I think the IPs role is very neatly summed up in the R3 booklet that we distribute to everyone - "honest broker". We have responsibilities to both sides. If we are seen to side to closely with one, we alienate the other. By maintaining our independence and doing the due diligence from the start, we earn the creditors trust in the proposals we draft and much of what we put in them will be accepted as truthful. There is a benefit to all sides in that, including the proposer.

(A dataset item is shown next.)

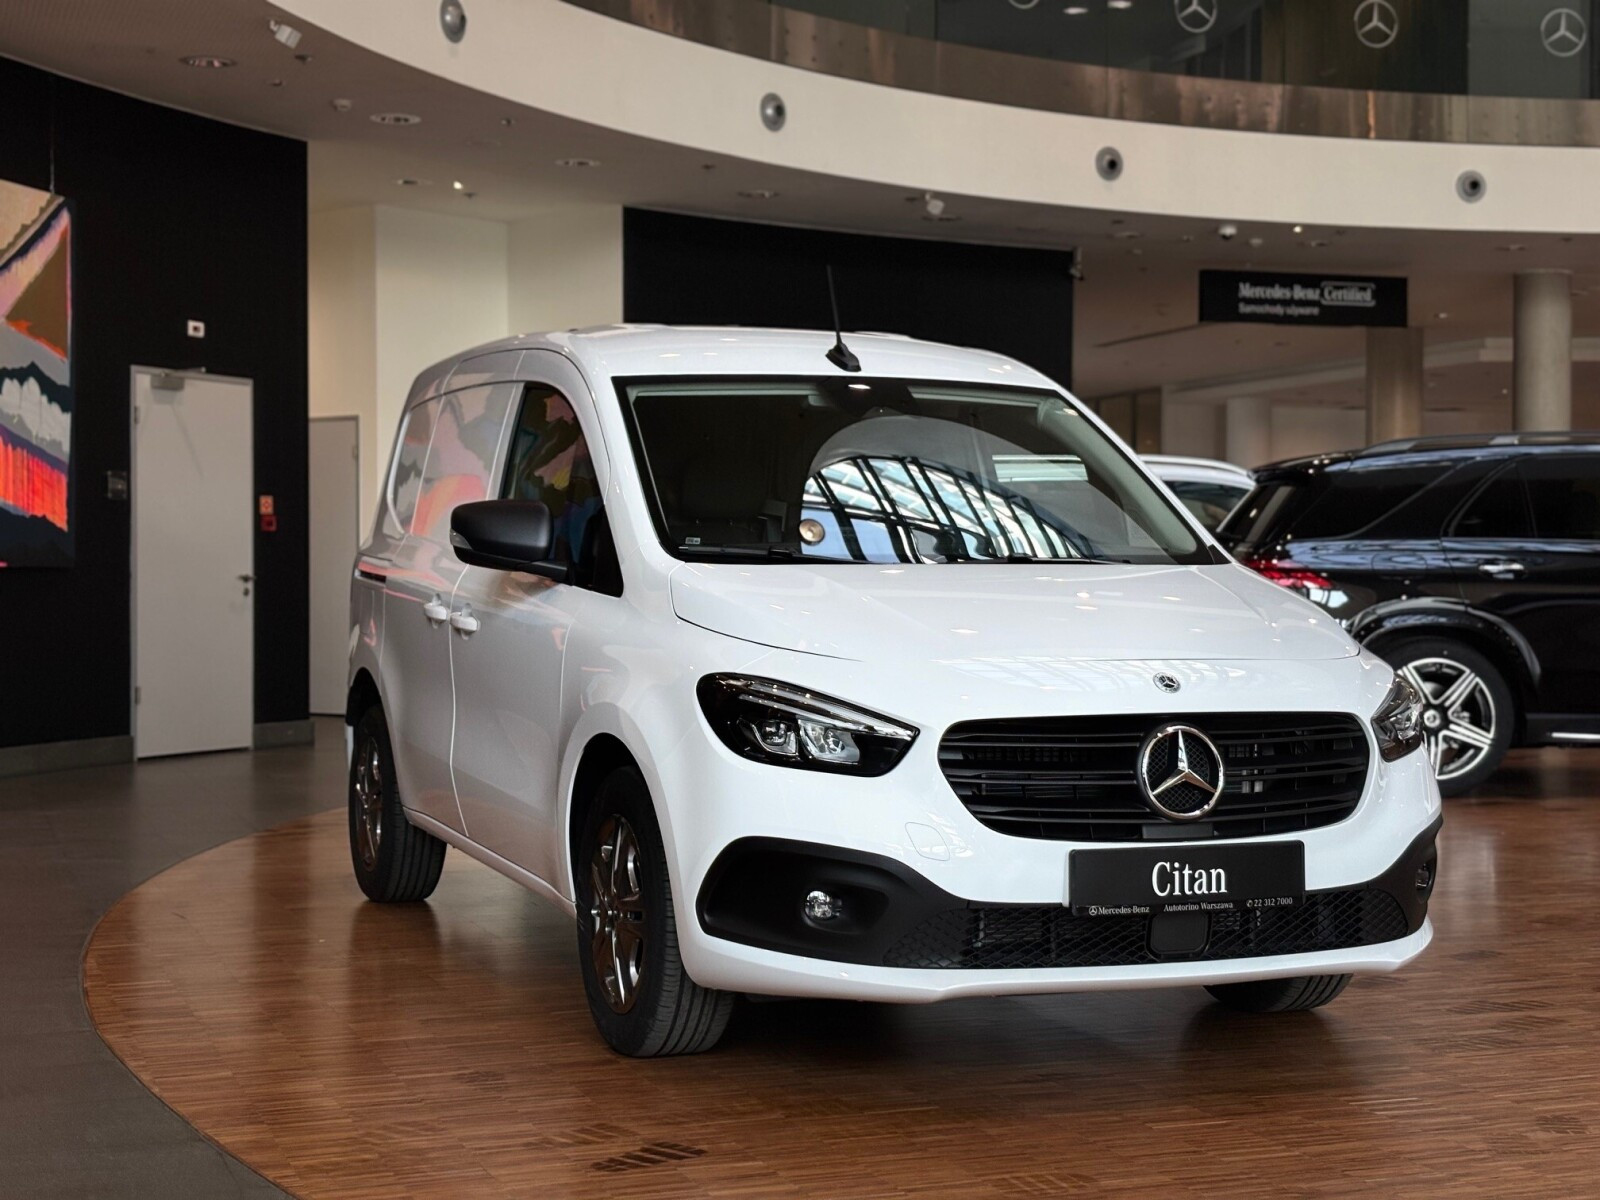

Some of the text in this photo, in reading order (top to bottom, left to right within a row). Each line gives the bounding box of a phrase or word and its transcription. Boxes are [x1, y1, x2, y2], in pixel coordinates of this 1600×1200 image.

Can I just say that the level of due diligence to which I have referred is that which would be applied at the start, in order to create the proposal. Once the IVA is running smoothly, there are arguably grounds for the annual reviews not to be quite so intense. Interestingly though, the new climate is one in which contribution increases will be based upon net disposable income, rather than the somewhat draconian terms hitherto imposed by some creditors. As a result, credit is given for increases in costs of living. Further, current provisions now give the Supervisor to agree, without a variation, a decrease in contributions of up to 15%, but it must be capable of justification. Before everyone gets excited typically that will only apply to proposals agreed this year. The new situation would suggest that in future the review will need to be a somewhat more holistic approach, rather than simply looking at your payslips and asking for 50% of the increase.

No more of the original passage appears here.